_Action item_
Leave the pictures out while you restate every entry below word for word.

_Available data_

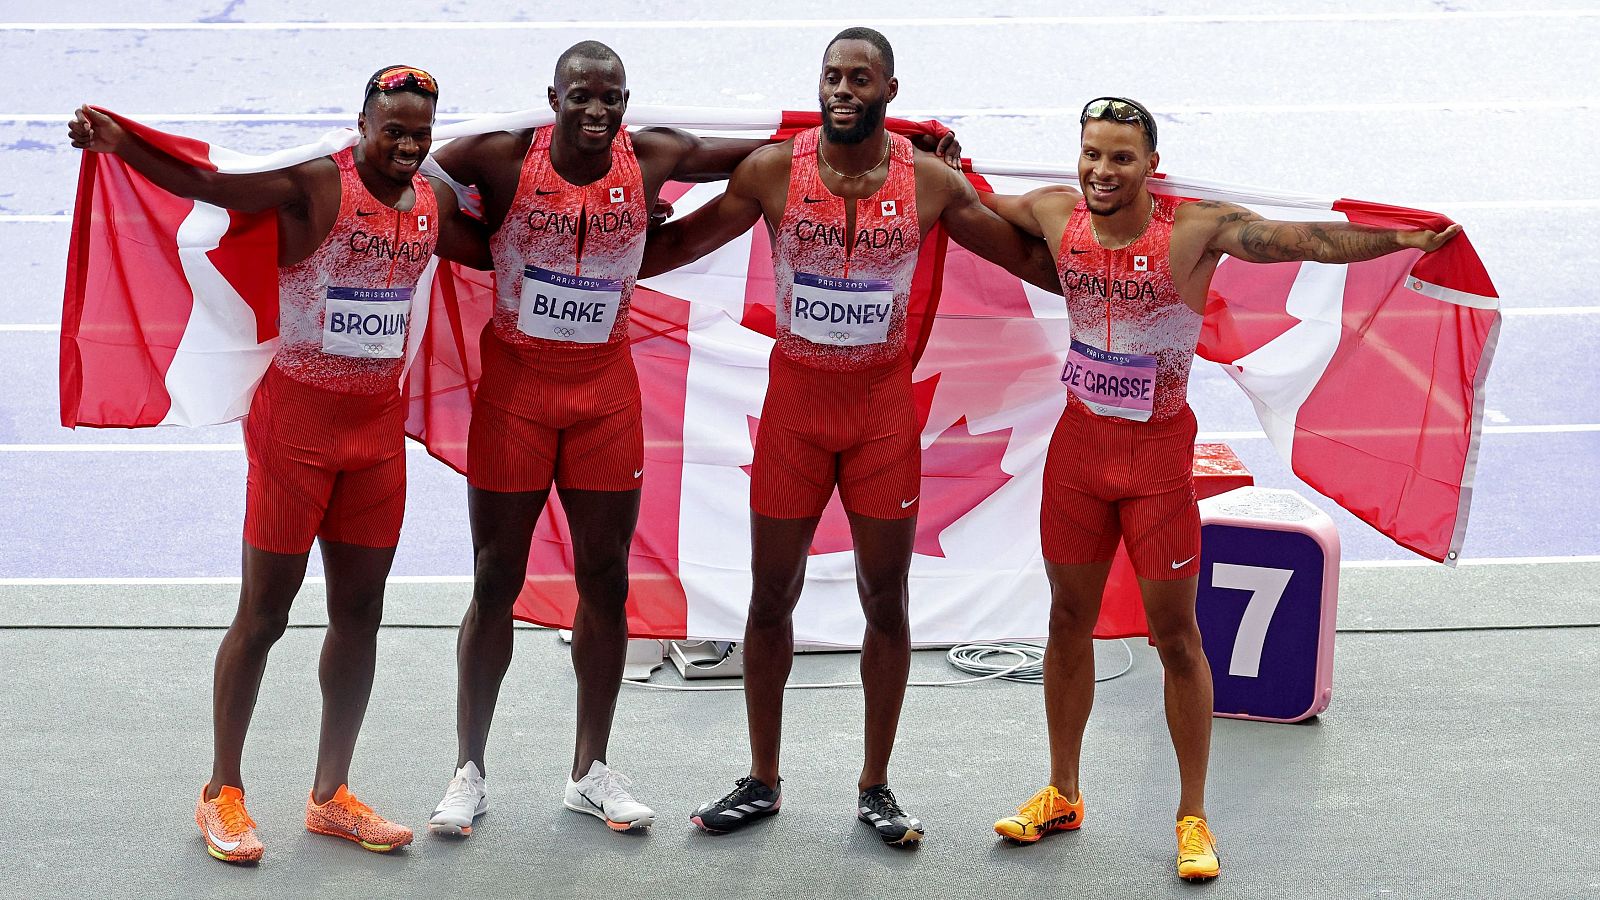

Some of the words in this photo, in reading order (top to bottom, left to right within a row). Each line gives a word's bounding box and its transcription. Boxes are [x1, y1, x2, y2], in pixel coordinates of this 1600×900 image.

[528, 210, 633, 235] CANADA
[796, 219, 904, 249] CANADA
[350, 230, 429, 262] CANADA
[551, 274, 576, 285] PARIS
[578, 280, 600, 288] 2024
[818, 278, 843, 288] PARIS
[1065, 269, 1156, 301] CANADA
[533, 293, 606, 322] BLAKE
[795, 296, 890, 324] RODNEY
[330, 312, 408, 336] BROWN
[1086, 348, 1105, 360] PARIS
[1107, 355, 1130, 364] 2024
[1061, 361, 1083, 387] DE
[1084, 370, 1152, 400] GRASSE
[1212, 563, 1294, 677] 7
[1034, 811, 1077, 834] NITRO

_Exercise result_
Some of the words in this photo, in reading order (top to bottom, left to right within a row). Each line gives a word's bounding box and its transcription. Boxes are [x1, y1, x2, y2], in pixel coordinates of this 1600×900 image.

[528, 210, 633, 235] CANADA
[796, 219, 904, 249] CANADA
[350, 230, 429, 262] CANADA
[551, 274, 576, 285] PARIS
[578, 280, 600, 288] 2024
[818, 278, 843, 288] PARIS
[1065, 269, 1156, 301] CANADA
[533, 293, 606, 322] BLAKE
[795, 296, 890, 324] RODNEY
[330, 312, 408, 336] BROWN
[1086, 348, 1105, 360] PARIS
[1107, 355, 1130, 364] 2024
[1061, 361, 1083, 387] DE
[1084, 370, 1152, 400] GRASSE
[1212, 563, 1294, 677] 7
[1034, 811, 1077, 834] NITRO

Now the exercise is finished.